EXERCISE DETAILS:
Begin at the line with "this 1920×1440 image." and write out every line after it, exactly, through the last line below, adding nothing.

Source data:
--- --- ---
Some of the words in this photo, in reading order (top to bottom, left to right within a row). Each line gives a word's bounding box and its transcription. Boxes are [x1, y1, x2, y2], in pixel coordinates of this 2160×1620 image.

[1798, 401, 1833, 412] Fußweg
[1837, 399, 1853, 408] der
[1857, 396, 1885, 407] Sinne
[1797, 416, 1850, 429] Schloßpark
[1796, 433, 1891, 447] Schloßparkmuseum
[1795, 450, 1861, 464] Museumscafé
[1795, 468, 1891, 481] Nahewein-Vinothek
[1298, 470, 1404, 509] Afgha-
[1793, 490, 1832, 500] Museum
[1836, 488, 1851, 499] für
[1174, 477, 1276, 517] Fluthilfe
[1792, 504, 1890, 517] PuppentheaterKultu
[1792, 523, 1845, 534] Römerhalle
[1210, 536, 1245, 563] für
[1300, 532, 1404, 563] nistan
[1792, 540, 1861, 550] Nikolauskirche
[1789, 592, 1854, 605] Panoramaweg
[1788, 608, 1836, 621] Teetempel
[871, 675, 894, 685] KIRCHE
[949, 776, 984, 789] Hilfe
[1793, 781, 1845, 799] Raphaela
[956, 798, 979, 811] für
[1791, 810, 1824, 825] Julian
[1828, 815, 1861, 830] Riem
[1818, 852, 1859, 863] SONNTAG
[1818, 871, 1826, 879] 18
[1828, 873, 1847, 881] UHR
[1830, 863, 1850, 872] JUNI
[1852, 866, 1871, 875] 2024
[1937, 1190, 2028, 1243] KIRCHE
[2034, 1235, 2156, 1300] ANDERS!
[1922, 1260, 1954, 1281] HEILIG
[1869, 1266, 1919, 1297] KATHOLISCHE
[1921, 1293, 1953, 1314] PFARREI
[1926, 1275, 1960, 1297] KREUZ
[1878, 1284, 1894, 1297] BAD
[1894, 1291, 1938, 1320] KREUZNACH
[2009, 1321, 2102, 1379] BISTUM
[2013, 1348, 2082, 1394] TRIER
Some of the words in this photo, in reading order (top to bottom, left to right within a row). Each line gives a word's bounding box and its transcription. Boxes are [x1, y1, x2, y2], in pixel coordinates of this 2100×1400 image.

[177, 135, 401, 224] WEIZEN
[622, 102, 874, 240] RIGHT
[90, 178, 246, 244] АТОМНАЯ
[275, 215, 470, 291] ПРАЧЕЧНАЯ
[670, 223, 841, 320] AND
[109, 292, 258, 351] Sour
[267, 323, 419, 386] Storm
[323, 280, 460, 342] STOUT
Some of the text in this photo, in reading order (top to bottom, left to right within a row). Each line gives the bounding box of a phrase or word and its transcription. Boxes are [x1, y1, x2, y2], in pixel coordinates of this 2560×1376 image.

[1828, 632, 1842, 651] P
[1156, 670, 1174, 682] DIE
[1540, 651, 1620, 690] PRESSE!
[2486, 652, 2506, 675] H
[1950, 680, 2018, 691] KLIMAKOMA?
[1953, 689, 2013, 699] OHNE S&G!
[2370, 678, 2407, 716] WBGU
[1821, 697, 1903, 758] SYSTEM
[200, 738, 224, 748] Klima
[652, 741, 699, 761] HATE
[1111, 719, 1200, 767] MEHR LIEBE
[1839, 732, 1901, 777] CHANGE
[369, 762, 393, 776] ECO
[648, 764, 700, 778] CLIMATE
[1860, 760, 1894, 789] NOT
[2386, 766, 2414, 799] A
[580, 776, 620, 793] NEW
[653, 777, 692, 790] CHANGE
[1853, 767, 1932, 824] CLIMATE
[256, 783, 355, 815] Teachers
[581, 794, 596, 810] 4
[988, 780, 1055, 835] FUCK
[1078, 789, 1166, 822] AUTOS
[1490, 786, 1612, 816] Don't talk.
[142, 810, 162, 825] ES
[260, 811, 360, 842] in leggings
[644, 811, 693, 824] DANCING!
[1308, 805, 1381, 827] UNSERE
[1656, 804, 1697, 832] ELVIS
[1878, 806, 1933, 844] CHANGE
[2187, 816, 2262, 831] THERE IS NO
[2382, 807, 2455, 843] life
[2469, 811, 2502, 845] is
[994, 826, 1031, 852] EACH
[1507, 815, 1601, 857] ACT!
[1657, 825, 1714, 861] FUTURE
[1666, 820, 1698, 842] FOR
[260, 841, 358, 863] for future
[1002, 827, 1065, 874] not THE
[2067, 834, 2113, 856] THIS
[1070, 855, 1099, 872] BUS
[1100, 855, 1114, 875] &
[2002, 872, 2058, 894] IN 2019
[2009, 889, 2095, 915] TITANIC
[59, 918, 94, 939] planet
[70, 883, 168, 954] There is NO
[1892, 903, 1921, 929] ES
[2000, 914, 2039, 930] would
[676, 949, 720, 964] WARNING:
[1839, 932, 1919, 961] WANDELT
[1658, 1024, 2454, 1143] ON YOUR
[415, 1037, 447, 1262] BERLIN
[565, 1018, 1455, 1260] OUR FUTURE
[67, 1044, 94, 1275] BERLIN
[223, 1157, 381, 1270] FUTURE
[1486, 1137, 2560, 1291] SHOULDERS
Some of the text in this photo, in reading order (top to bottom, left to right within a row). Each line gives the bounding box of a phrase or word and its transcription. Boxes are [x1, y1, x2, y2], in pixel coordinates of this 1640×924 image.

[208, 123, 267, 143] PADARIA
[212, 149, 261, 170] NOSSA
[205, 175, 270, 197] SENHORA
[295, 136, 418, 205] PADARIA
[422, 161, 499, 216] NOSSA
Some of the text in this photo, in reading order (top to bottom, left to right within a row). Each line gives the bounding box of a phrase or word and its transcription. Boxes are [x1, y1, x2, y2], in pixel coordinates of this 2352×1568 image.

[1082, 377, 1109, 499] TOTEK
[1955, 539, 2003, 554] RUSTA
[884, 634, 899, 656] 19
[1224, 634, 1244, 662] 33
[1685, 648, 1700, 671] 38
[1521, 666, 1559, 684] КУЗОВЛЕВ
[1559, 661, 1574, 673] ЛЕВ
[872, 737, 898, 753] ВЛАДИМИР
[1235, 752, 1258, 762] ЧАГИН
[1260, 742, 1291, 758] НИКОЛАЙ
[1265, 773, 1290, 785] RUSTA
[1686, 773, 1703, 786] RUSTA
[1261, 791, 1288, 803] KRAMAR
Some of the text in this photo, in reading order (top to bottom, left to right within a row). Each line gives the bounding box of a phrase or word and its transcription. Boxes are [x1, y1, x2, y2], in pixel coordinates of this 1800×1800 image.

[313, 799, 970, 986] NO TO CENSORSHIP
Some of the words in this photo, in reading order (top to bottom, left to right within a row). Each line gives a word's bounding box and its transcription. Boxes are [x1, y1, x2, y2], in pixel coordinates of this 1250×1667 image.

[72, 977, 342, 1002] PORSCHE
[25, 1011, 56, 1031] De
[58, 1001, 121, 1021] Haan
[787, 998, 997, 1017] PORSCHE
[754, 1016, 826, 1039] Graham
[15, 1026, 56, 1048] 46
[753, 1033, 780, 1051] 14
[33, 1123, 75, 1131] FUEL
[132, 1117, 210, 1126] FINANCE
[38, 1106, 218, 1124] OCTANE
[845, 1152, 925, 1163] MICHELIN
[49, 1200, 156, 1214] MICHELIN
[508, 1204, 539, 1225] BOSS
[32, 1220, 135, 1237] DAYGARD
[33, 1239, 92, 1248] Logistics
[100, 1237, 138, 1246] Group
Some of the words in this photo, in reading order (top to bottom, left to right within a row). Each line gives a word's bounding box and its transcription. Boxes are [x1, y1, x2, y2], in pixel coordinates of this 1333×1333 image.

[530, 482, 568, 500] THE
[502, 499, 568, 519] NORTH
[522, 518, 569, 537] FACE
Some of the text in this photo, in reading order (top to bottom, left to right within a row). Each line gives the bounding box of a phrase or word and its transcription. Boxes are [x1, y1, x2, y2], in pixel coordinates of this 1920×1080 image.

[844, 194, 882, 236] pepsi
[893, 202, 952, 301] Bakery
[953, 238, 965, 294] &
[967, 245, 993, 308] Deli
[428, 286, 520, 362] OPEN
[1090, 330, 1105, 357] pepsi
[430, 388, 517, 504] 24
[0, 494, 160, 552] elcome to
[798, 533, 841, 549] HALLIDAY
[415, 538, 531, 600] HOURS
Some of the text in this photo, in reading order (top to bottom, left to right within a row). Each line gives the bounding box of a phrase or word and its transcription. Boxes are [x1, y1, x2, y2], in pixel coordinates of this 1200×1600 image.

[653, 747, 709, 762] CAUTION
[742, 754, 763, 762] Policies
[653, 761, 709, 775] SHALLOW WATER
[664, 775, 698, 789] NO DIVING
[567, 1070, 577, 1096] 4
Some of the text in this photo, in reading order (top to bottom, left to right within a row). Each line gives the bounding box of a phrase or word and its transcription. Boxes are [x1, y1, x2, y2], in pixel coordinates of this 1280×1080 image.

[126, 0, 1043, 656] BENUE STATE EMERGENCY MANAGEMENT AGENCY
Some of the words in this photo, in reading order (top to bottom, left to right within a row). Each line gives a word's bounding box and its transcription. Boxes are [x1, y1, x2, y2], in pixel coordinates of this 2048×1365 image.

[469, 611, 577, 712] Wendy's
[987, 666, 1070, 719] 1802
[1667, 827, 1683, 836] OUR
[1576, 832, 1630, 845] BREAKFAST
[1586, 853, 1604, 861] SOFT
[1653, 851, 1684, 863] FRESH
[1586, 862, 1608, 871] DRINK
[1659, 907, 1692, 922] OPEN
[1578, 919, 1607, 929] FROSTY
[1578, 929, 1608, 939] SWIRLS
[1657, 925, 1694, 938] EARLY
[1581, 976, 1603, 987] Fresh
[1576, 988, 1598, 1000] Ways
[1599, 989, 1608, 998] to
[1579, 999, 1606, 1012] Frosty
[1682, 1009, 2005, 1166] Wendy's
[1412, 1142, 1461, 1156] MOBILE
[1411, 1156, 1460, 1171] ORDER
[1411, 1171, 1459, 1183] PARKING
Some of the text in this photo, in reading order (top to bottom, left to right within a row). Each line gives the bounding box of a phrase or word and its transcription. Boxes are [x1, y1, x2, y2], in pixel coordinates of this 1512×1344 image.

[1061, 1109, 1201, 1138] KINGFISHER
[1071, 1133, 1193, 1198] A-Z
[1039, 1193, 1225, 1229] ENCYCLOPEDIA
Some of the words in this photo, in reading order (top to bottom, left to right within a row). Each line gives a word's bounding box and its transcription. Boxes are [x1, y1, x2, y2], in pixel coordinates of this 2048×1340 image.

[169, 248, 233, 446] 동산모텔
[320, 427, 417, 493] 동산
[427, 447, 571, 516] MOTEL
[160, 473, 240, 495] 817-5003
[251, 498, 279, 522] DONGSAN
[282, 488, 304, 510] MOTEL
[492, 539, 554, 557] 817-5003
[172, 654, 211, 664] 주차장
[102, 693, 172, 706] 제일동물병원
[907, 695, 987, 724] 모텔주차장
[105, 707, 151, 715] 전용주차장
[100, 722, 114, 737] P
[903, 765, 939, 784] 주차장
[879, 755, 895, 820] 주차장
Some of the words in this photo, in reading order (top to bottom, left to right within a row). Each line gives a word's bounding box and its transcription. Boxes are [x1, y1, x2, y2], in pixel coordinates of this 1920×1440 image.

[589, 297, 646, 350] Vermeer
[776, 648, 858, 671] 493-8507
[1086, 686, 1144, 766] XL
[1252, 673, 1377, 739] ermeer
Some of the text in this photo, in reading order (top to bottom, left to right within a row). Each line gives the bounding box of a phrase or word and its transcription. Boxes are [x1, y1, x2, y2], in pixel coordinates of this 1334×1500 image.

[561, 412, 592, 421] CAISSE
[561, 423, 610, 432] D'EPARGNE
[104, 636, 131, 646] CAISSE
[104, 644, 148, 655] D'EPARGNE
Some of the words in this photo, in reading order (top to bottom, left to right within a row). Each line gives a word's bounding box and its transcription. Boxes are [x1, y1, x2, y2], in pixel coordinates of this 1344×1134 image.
--- --- ---
ANSWER BELOW:
Some of the words in this photo, in reading order (top to bottom, left to right within a row). Each line gives a word's bounding box and its transcription. Boxes are [x1, y1, x2, y2], in pixel coordinates of this 1920×1440 image.

[589, 297, 646, 350] Vermeer
[776, 648, 858, 671] 493-8507
[1086, 686, 1144, 766] XL
[1252, 673, 1377, 739] ermeer
Some of the text in this photo, in reading order (top to bottom, left to right within a row). Each line gives the bounding box of a phrase or word and its transcription. Boxes are [x1, y1, x2, y2], in pixel coordinates of this 1334×1500 image.

[561, 412, 592, 421] CAISSE
[561, 423, 610, 432] D'EPARGNE
[104, 636, 131, 646] CAISSE
[104, 644, 148, 655] D'EPARGNE
Some of the words in this photo, in reading order (top to bottom, left to right within a row). Each line gives a word's bounding box and its transcription. Boxes are [x1, y1, x2, y2], in pixel coordinates of this 1344×1134 image.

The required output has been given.